Northpointe, the Oshkosh, WI-based developer, has been looking to build a 58-unit, three-story structure that would be affordable to tenants earning 30-80% of the Area Median Income for Cook County, which, depending on the size of the unit, would be between $1,000 and $1,500 a month. It originally sought zoning changes to be able to build at 874-920 N. Quentin Rd., but the village denied it amid public backlash, with nearby residents complaining about the size of the property and expressing concerns about traffic issues.

With the Kinsch site, the zoning was already there. The village simply needed to approve the site plan, which the council did on July 11 without significant issues.

During last week’s meeting, residents argued that they didn’t get enough advance notice to attend the July 11 meeting, and that the building would hurt their quality of life. They argued that the building would worsen existing traffic issues caused by parents picking up and dropping off students at the nearby Paddock Elementary School. Several speakers said they were concerned that affordable housing would increase crime, and said that their attorneys advised them to move out. But Village Manager Reid Ottesen said that the council didn’t have any legal grounds to reject the site, and said he would set up a meeting between residents and Northpointe to try to address their concerns.

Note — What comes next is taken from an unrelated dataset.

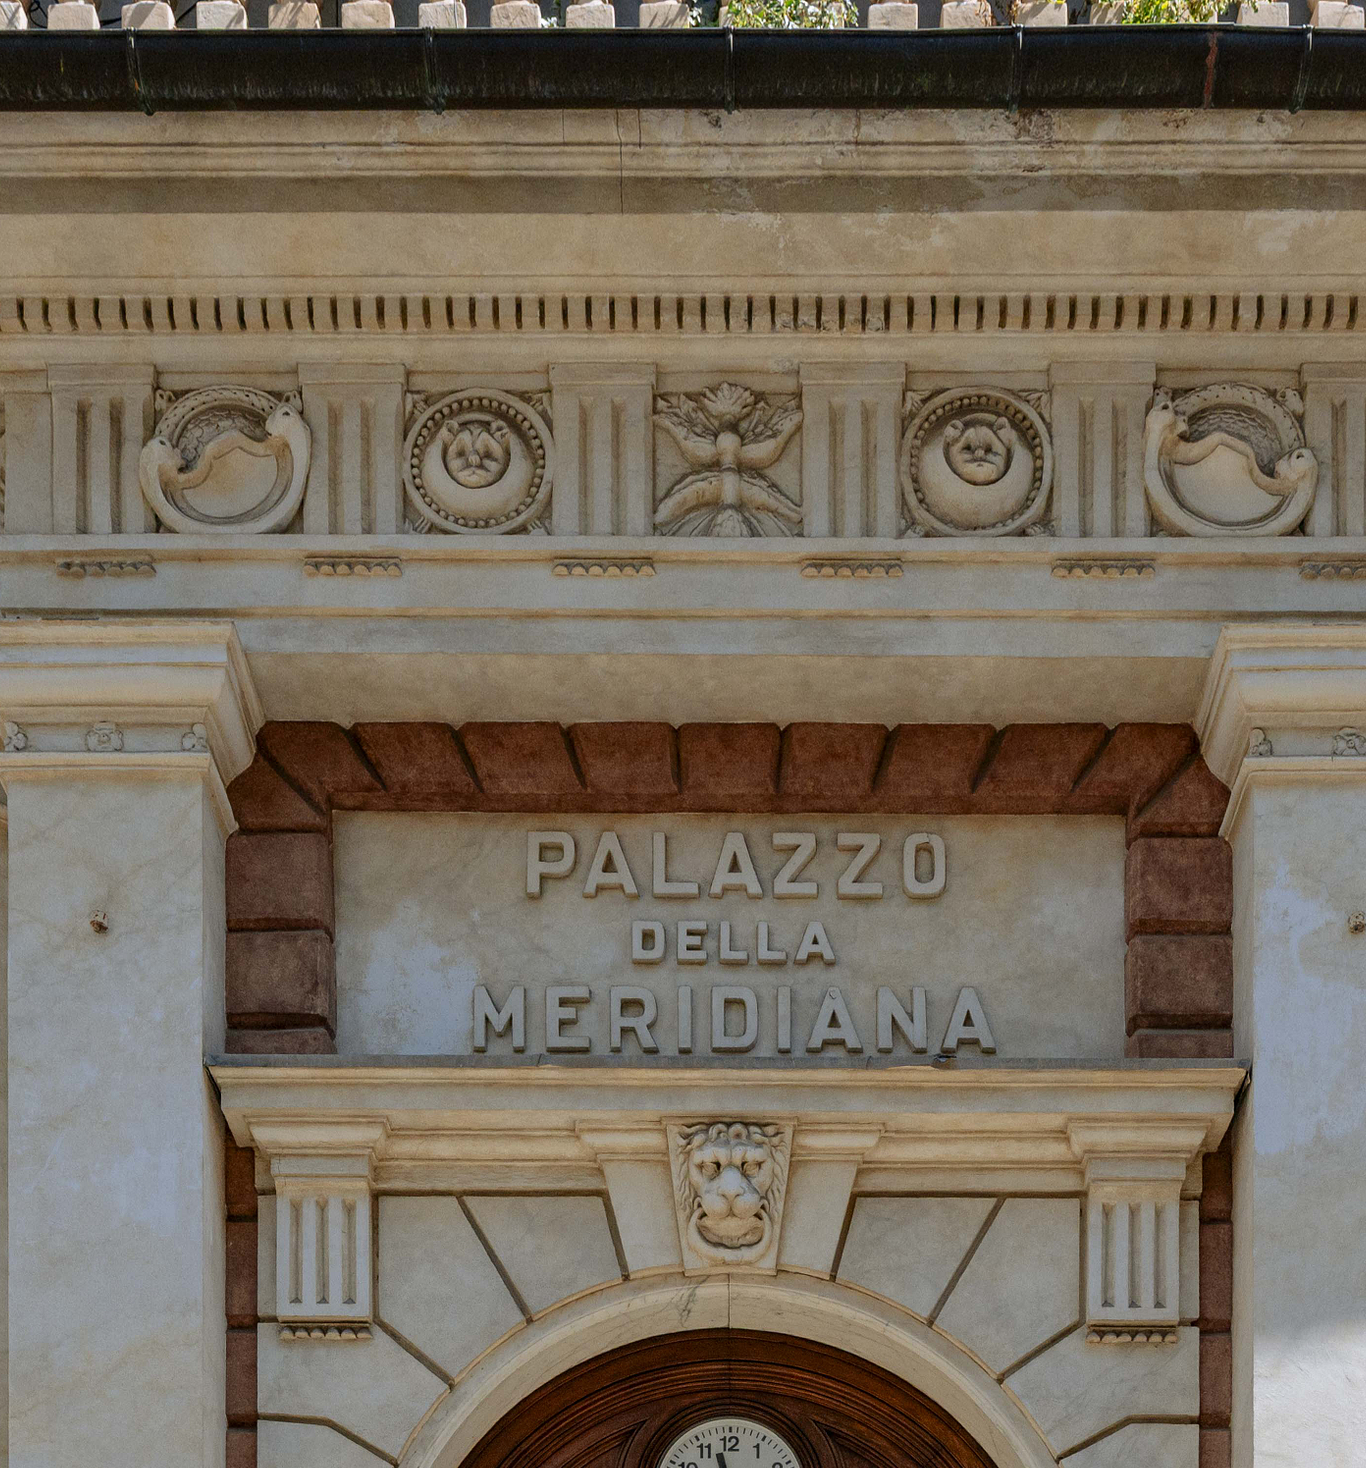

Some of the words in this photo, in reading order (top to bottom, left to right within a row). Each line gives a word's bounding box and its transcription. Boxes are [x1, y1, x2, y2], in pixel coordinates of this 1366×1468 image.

The project is partially funded with $15 million in tax credits from the Illinois Housing Development Authority, which requires Northpointe to build the development in Palatine. Sean O’Brien, the company’s principal, previously described the project as a way to make sure Palatine’s working-class residents have quality housing in the community.

The building will contain a mix of one-bedroom, two-bedroom and three-bedroom apartments. The side of the building facing Johnson Street will be made up of four, two-story, three-bedroom apartments. Unlike the Quentin Road version of the development, there is a buffer between the site and the single-family homes further west. Northpointe plans to keep the forested area on the west half of the property intact.

When the council reviewed the Quentin Road version of the proposal, residents were asked not to comment on the affordable housing aspect, since the council was only looking at zoning and traffic issues.

During the most recent council meeting, residents complained that they weren’t notified about the project — something the village wasn’t required to do because there was no zoning change — and only found out about it through media reports.

Nancy Burgess, who lives in a four-story condo building at 245 W. Johnson, said that she “understand[s] the need for affordable housing,” and while she believes that Palatine did everything legally, she argued that not notifying the nearby residents about the project wasn’t “ethical.” She also said she was worried about the impact on traffic, safety and property values.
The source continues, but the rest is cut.